Wednesday, March 15, 2017
Court of Appeal Rejects Privilege Claim in Libel Suit by Charles Schwab
Panel Says Communications Not Protected Where Shared With Publicist
By a MetNews Staff Writer
Communications among a lawyer, his client, and a public relations consultant were not privileged because there was no showing that communication with the publicist was a necessary part of the attorney’s representation, the Court of Appeal for this district ruled yesterday.
Div. Seven upheld Los Angeles Superior Court Judge John P. Doyle’s ruling that Charles and Michael Schwab are entitled to discover communications among Nicholas Behunin; attorney Leonard Steiner and the firm of Steiner & Libo; and Levick Strategic Communications.
Charles Schwab, founder of the eponymous investment firm, and his son Michael Schwab are plaintiffs in libel suits against Behunin, who previously sued the Schwabs in connection with a failed real estate project, and Steiner. The Schwabs claim that Behunin and/or Steiner, through the website chuck-you.com, defamed them by falsely accusing them of complicity in human rights violations and other crimes by the Indonesian dictator Suharto, who died in 2008, and members of his family.
Behunin filed anti-SLAPP motions in both of the suits brought by the Schwabs, who responded by moving for discovery. The statute provides that the filing of an anti-SLAPP motion stays all discovery, subject to the discretion of the trial judge to allow limited discovery related to the motion.
Doyle granted the Schwabs leave to depose Steiner, Behunin, and Levick, and to seek documents, including communications among them. Discovery was limited to the issues of who published the Suharto allegations and, if Behunin and/or Steiner did so, whether he/they acted with actual malice.

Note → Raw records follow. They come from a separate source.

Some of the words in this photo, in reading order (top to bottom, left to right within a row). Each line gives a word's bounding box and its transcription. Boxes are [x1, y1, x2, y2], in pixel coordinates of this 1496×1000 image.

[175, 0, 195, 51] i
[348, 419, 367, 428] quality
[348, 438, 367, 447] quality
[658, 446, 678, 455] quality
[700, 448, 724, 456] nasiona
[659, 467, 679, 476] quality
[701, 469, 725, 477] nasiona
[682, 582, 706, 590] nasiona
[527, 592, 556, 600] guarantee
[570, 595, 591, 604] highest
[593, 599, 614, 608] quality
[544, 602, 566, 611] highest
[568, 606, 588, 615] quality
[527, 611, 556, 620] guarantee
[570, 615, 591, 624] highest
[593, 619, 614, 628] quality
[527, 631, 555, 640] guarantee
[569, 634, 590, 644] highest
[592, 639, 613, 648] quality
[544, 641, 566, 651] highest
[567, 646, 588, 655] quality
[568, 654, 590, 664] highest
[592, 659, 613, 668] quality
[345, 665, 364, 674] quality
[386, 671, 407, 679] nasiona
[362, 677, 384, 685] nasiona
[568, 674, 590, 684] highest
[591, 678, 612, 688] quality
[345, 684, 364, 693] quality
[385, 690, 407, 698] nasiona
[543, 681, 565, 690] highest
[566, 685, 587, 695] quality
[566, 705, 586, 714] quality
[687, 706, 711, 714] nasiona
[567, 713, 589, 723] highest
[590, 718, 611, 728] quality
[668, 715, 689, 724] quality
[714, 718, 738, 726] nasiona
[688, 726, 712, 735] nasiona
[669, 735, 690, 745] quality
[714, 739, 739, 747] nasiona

After deposition notices and requests for production were served, Behunin and Steiner objected on grounds that the discovery sought exceeded the scope of the judge’s order, and that the Schwabs were seeking attorney-client communications and work product. A discovery referee, who examined 21 documents in camera, concluded that it was unclear whether Levick was actively involved in litigation strategy or was hired solely to create content for chuck-you.com.
The defendants, he said, failed to make a prima facie showing “that their communications with Levick were for the purposes of giving or receiving advice directed at handling the prosecution of” Behunin’s underlying lawsuit.

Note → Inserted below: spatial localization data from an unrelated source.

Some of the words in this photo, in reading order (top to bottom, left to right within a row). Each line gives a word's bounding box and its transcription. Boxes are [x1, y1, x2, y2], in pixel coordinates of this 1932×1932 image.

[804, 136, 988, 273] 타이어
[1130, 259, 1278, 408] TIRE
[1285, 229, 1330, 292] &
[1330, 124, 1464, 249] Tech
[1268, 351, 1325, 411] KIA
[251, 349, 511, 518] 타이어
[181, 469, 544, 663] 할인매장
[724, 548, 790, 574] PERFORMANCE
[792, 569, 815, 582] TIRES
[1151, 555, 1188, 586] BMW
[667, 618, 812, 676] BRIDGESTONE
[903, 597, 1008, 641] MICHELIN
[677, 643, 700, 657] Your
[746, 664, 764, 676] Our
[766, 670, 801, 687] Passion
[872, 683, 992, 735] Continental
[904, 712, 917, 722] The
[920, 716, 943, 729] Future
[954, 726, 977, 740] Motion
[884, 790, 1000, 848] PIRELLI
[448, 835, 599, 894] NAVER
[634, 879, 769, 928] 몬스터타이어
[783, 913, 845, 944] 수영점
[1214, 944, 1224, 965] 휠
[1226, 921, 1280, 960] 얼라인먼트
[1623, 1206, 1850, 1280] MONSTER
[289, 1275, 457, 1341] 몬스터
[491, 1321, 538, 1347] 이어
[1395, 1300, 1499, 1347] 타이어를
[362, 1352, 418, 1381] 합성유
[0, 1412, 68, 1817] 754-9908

Doyle ruled that 11 communications to which Levick was a party had to be produced, leading to Behunin’s writ petition, which the Court of Appeal denied yesterday after having previously stayed the discovery.
Justice John Segal, writing for the court, acknowledged that a public relations consultant may share the attorney-client privilege under certain circumstances, at least according to federal case law. But the courts cannot create a “public relations privilege,” he wrote, adding that the situations in which federal courts have found a publicist’s involvement in attorney-client communication to be protected have been narrow.

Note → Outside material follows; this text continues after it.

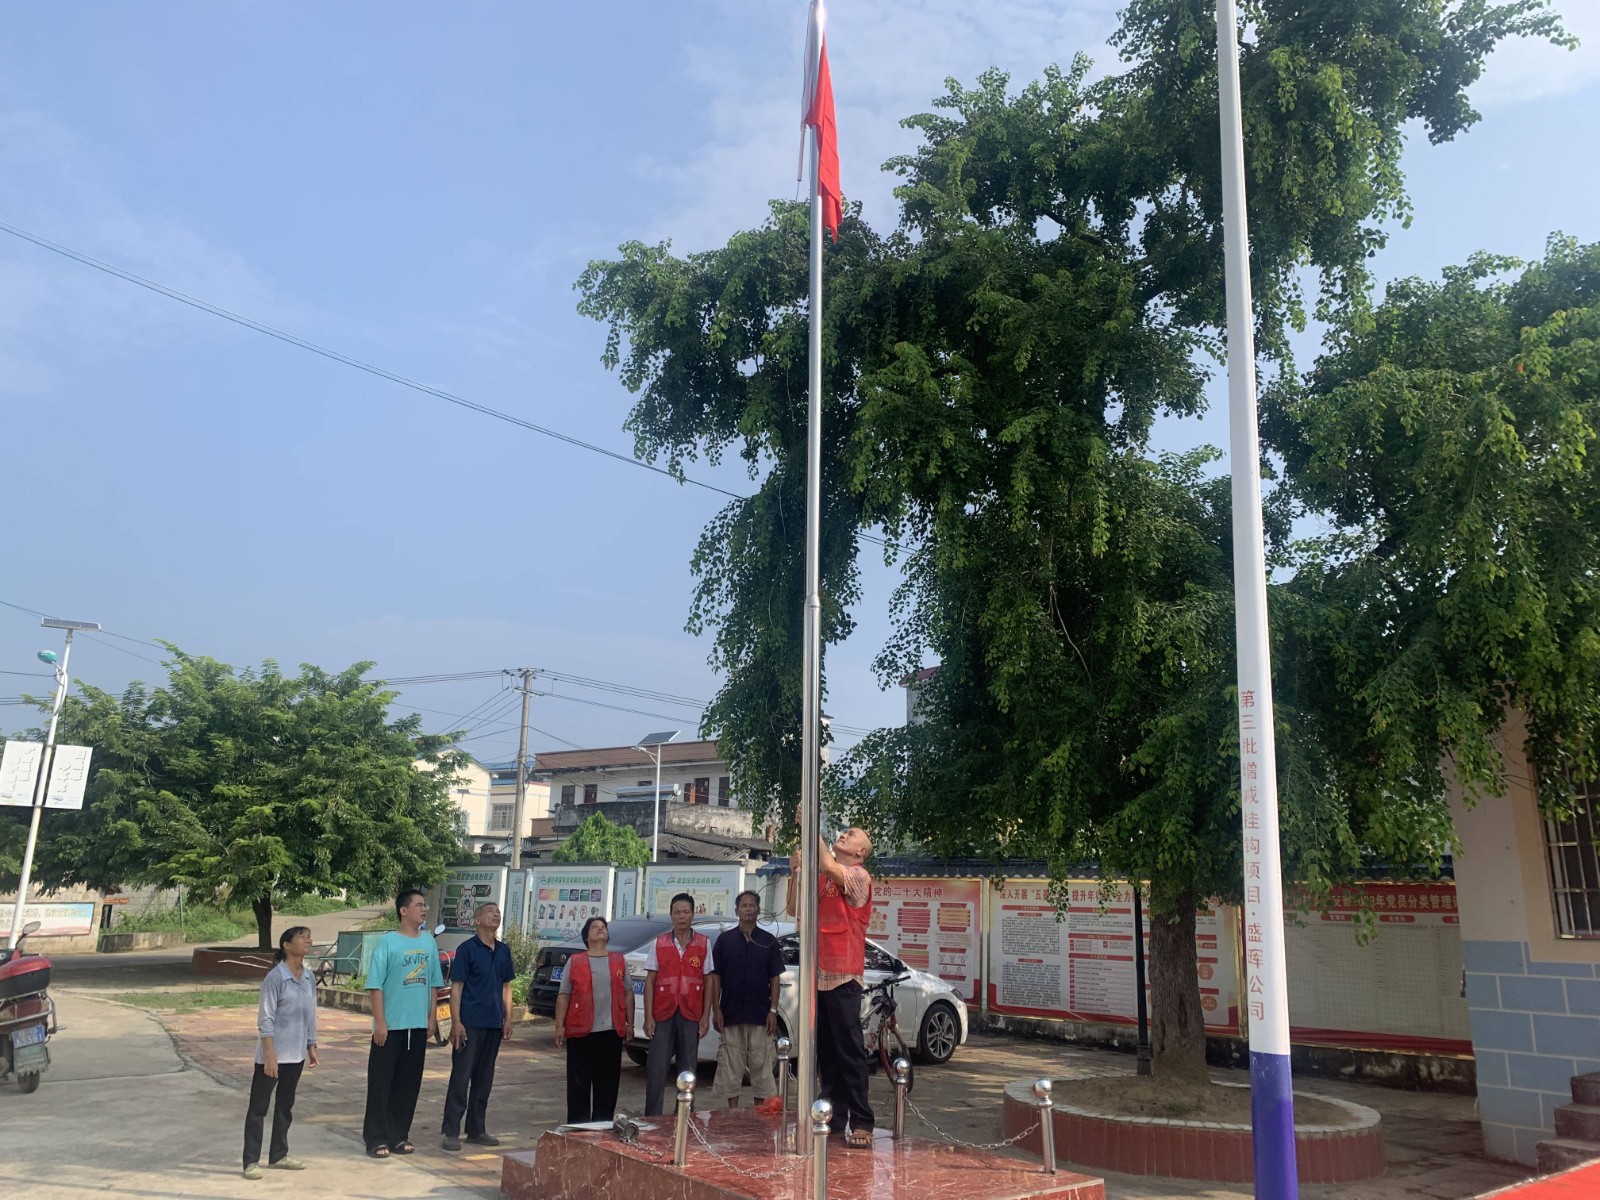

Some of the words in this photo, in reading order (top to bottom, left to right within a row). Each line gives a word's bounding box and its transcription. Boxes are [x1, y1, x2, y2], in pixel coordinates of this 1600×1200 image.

[873, 886, 944, 899] 党的二十大精神

He cited a district court ruling in former Syracuse University basketball coach Bernie Fine’s suit against ESPN, Inc., relating to the network’s reporting of allegations that he had molested two ball boys. The court held that New York’s “agency” exception to the rule that disclosure to a third party destroys the privilege did not apply, where a public relations consultant was hired to provide support that was “merely helpful, but not necessary to the provision of legal advice.”
Behunin, Segal said, offered nothing to show why he or his lawyer had to communicate with Levick regarding litigation or settlement strategies. Nor was there evidence that Levick was a participant in Steiner’s representation, he said.
“To the contrary, according to Behunin, Steiner had little involvement with Levick: All Steiner did was act as a liaison in hiring the public relations firm,” the justice wrote. Statements by Behunin and Steiner that Levick was hired for purposes related to the litigation, and that they intended their communications with the publicist to be confidential, were “just conclusions,” for which no evidence, nor any explanation as to why the lawyer needed the assistance of a public relations firm, was offered, Segal said.
Attorneys in the Court of Appeal were Douglas E. Mirell of Harder Mirell & Abrams, and Regina Ashkinadze of Elkin Gamboa & Ashkinadze for Behunin; Robert Moore of Allen Matkins Leck Gamble Mallory & Natsis for Charles Schwab, and David H. Schwartz and Michael Stepanian for Michael Schwab.
The case is Behunin v. Superior Court (Schwab), 17 S.O.S. 1330.